Gustav Kirchoff is certainly not a name like Albert Einstein or James B. Watson. He was however, a very distinguished scientist indeed. This is a piece of the Wikipedia article.

Gustav Robert Kirchhoff (March 12, 1824 ? October 17, 1887) was a German physicist who contributed to the fundamental understanding of electrical circuits, spectroscopy, and the emission of black-body radiation by heated objects. He coined the term “black body” radiation in 1862, and two sets of independent concepts in both circuit theory and thermal emission are named “Kirchhoff’s laws” after him.

But the article as a whole does nothing to inspire readers or lead them to see why Kirchoff’s spectrocopy laws opened up the universe.

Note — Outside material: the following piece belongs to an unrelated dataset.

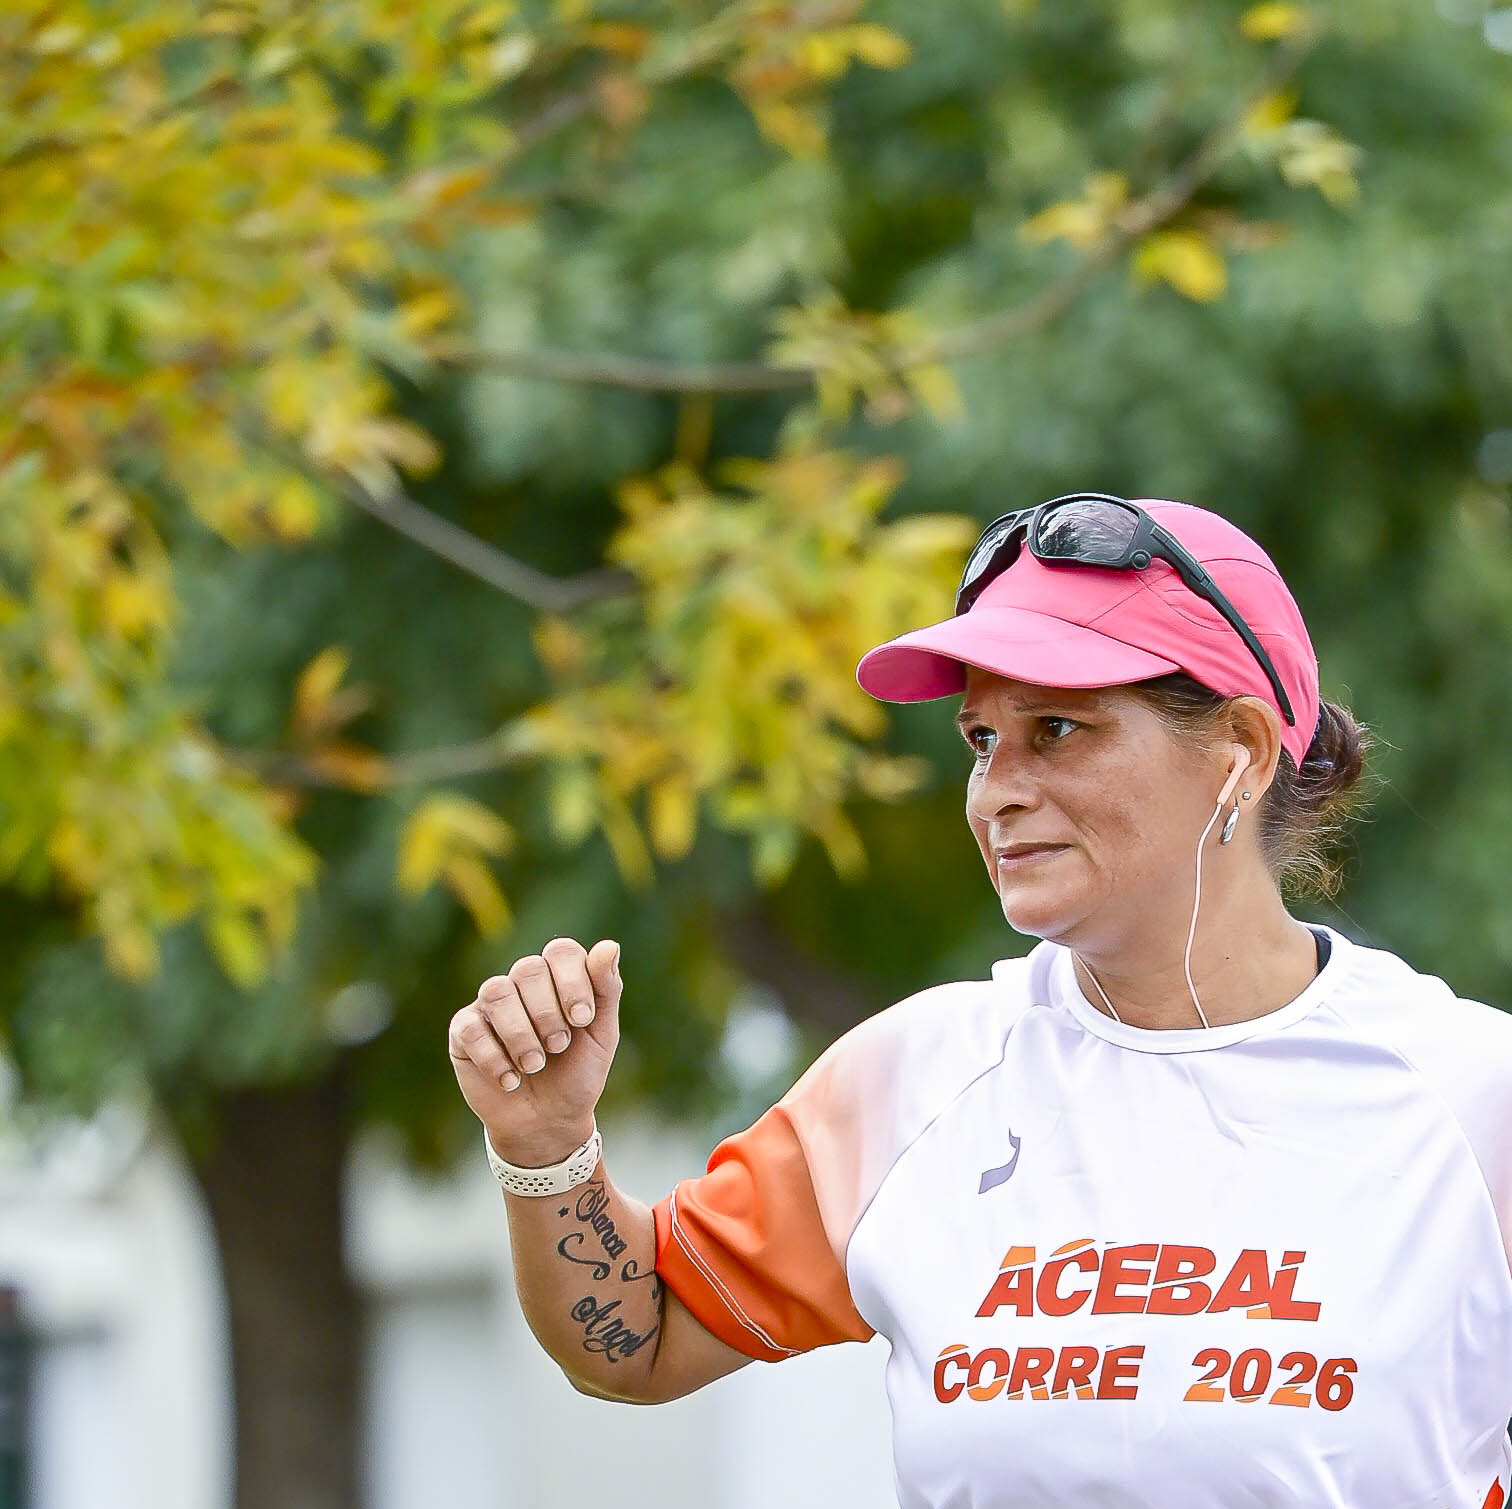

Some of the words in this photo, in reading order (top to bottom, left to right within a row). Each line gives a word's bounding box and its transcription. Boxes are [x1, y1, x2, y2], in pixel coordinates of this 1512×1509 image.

[974, 1238, 1322, 1322] ACEBAL
[933, 1344, 1146, 1404] CORRE
[1183, 1347, 1359, 1412] 2026

For that you need context, you need eloquence, and you need a rhetoric that bridges the gap between the scientific and the general reader. On my shelf are two recent general histories of science, John Gribbin’s Science: a History 1543-2001 (2002) and Bill Bryson’s A Short History of Nearly Everything (2003). Neither delivers. Bryson has nothing on Kirchoff himself and nothing, even, on spectroscopy. Gribbin covers Kirchoff, but the detail of finding sodium on the sun is just another detail in an evenly-paced exposition.

The moral is simple: we need someone to write up the story of how we discovered what the stars are made of – and the cultural story, for there’s bound to be one – of how the new knowledge was received in the period. Did it just add weight to the story of a mechanistic universe that unfolded from Newton on? I guess Kolb’s own book is the first place to go.

I don’t mean to find fault with either history, just to note that in a very small sample of widely-available readings (I roamed around the Web, as well) there’s nothing to bring a sparkle to our Italian lady’s eyes.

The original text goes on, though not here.